See the massive effort to fight Blue Diamond factory fire
Firefighters have “completely extinguished” a four-alarm fire Monday night on the second floor of the Blue Diamond almond factory in downtown Sacramento that injured three people, according to the Sacramento Fire Department.
The department posted on social media around 11:45 p.m. that it had knocked down the blaze and was working with staff at the growers cooperative’s sprawling facilities to investigate the cause.
Crews are expected to be on scene of the campus – which takes up more than 10 city blocks and has been the home of the cooperative for more than 100 years – throughout the night, according to fire spokesman Capt. Keith Wade.
About 115 firefighters were called to the blaze, which broke out at the five-story factory in the 1800 block of C Street. What started the blaze around 9:30 p.m. was unknown, said Wade, who said the fire was contained to one floor but smoke had spread to the third story.

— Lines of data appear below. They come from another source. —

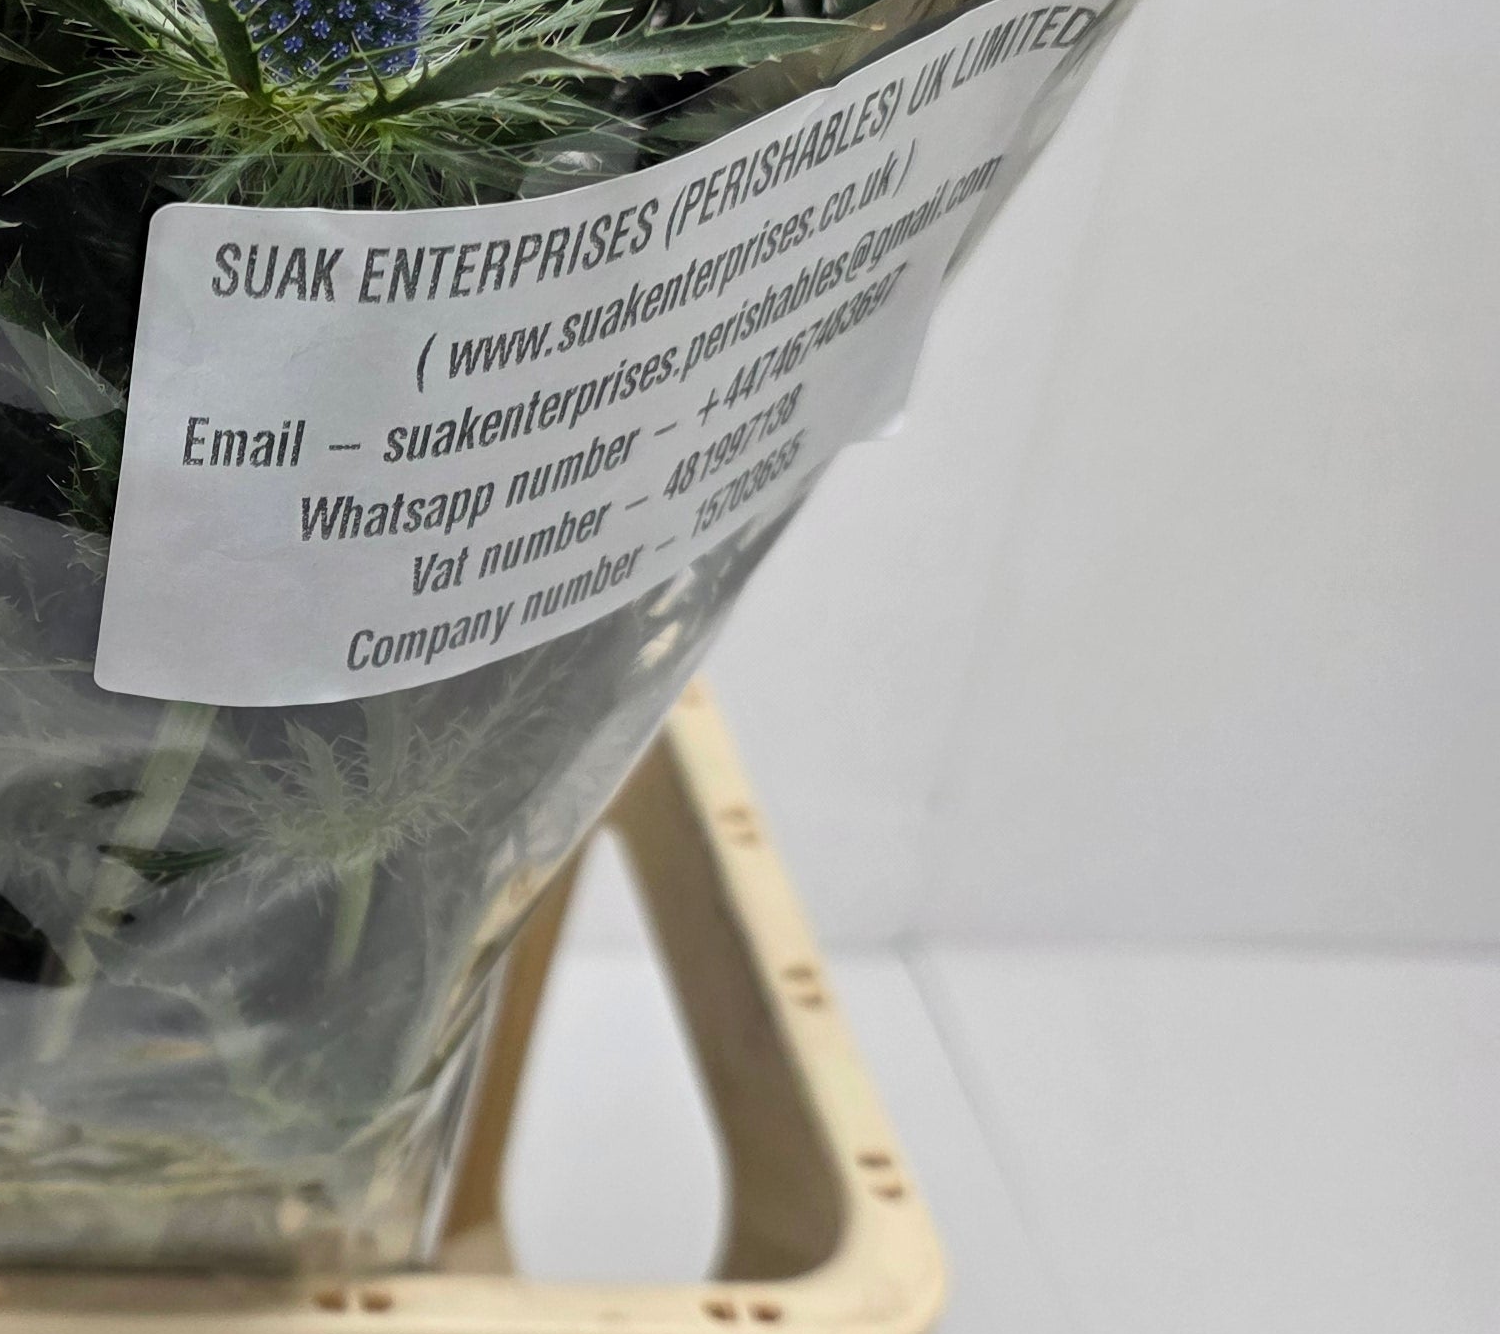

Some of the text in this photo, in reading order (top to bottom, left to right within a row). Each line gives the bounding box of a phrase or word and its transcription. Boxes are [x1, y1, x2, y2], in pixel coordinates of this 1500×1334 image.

[211, 5, 1100, 304] SUAK ENTERPRISES (PERISHABLES) UK LIMITED
[181, 416, 307, 468] Email
[382, 155, 1005, 464] suakenterprises.perishables@gmail.com
[448, 156, 908, 380] www.suakenterprises.co.uk
[300, 481, 495, 541] Whatsapp
[504, 427, 642, 508] number
[411, 546, 469, 596] Vat
[477, 499, 612, 581] number
[346, 599, 516, 672] Company
[519, 544, 644, 625] number

Video posted by fire crews just after 10 p.m. showed flames shooting from the middle of the factory near the intersection of 18th and C streets, a block east of the company’s gift shop.

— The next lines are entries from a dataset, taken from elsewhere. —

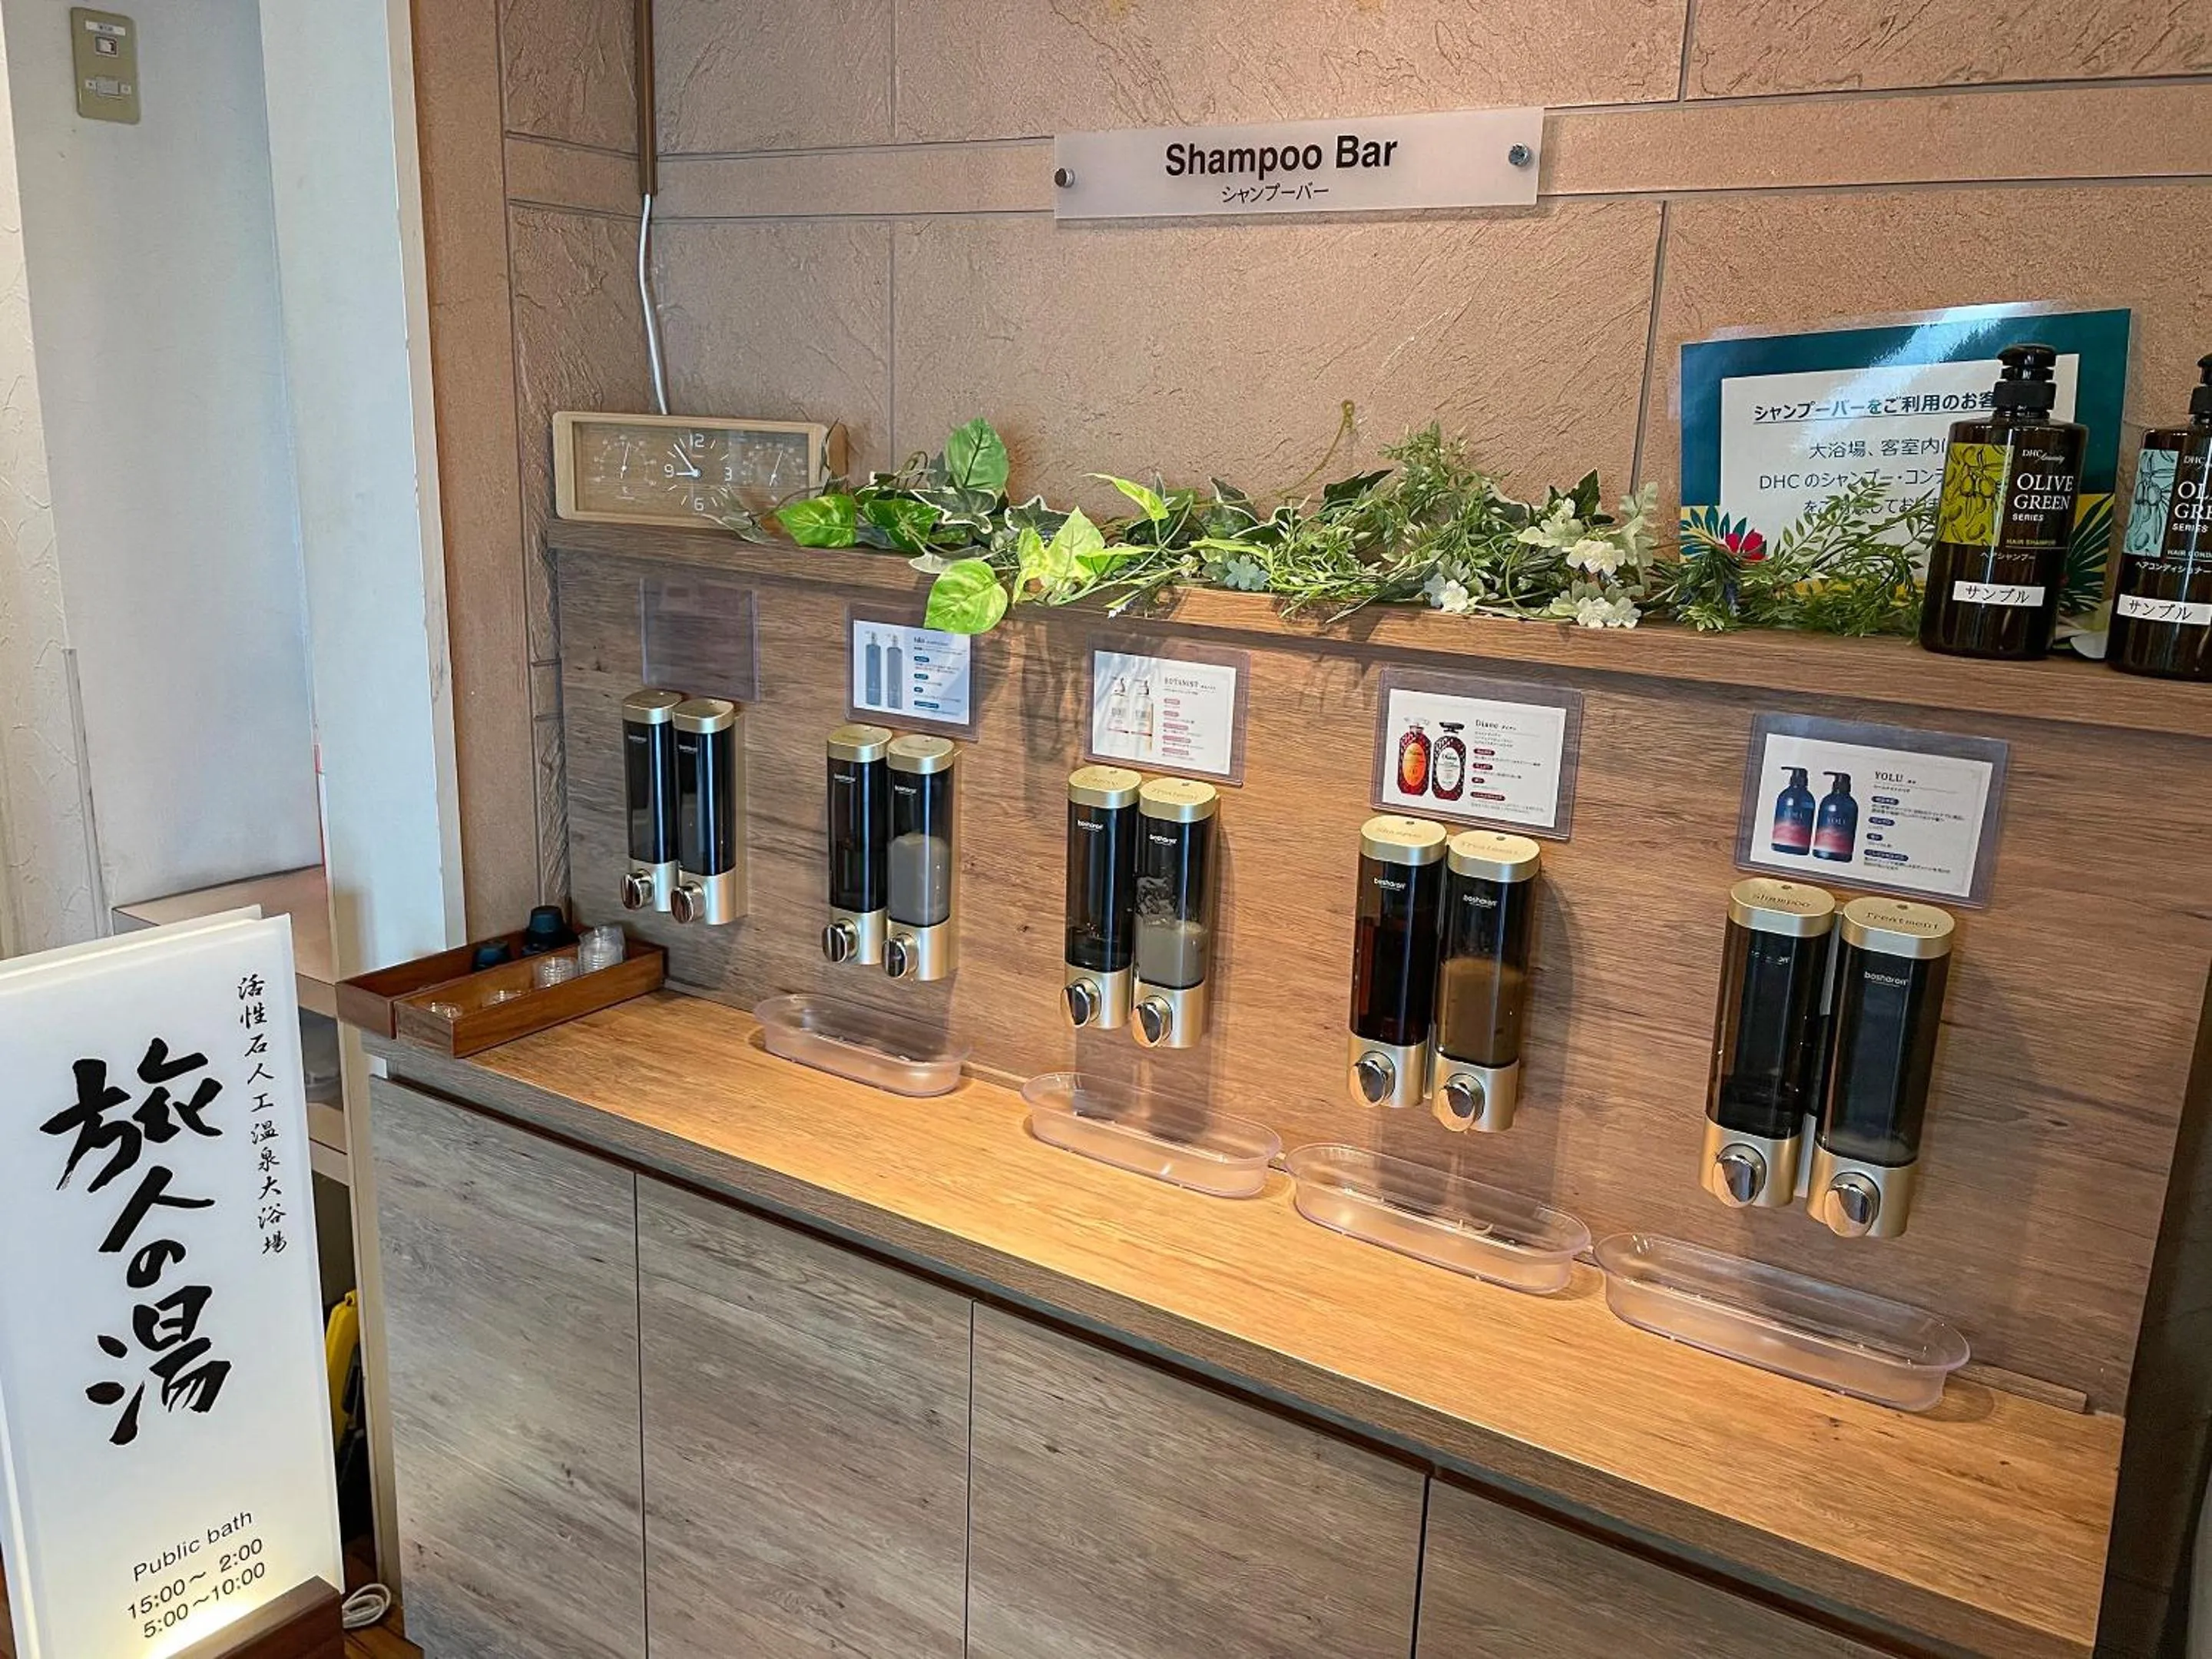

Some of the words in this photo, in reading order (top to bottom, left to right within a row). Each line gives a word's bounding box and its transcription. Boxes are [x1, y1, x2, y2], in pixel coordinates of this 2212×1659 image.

[1165, 142, 1323, 180] Shampoo
[1335, 134, 1398, 169] Bar
[1221, 182, 1330, 204] シャンプーバー
[690, 432, 706, 449] 12
[2022, 449, 2043, 458] DHC
[663, 463, 675, 478] 9
[724, 466, 733, 482] 3
[1759, 472, 1800, 490] DHC
[2016, 472, 2075, 492] OLIVE
[2177, 480, 2212, 500] OL
[693, 498, 704, 512] 6
[2013, 493, 2071, 511] GREEN
[2012, 512, 2045, 522] SERIES
[1965, 585, 2031, 604] サンプル
[2128, 598, 2194, 621] サンプル
[1874, 770, 1904, 783] YOLU
[237, 973, 287, 1255] 活性石人工温泉大浴場
[39, 1036, 232, 1445] 旅人の湯
[132, 1538, 201, 1582] Public
[207, 1511, 252, 1545] bath
[219, 1538, 263, 1573] 2:00

Wade said about 250 employees working the graveyard shift were evacuated from the facility that processes almonds. Two people were taken to hospital due to smoke inhalation, with a third being treated at the scene.

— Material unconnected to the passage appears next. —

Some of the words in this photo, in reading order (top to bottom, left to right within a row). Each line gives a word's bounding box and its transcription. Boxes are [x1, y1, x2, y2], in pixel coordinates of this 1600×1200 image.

Wade said that mutual aid was being provided at the scene and as backups in other parts of the city by crews from West Sacramento and Sacramento Metropolitan fire departments, among other agencies.
Blue Diamond Growers is the world’s largest tree nut processing and marketing company, processing about 80 percent of the world’s almond supply. The cooperative serves more than 3,500 almond growers statewide and has more 1,000 employees at its three facilities in Sacramento, Salida and Turlock, according to the company.
Last week, federal officials said the almond harvest in California was expected to hit a record 2.5 billion pounds this year, despite cold, rainy weather during pollination season. The estimate was a 10 percent improvement over the 2018 crop, in part thanks to an increase in acreage dedicated to the hardy tree nut.
The vast majority of almonds go in plain form to makers of candy, cereal, baked goods and a host of other products, including almond milk.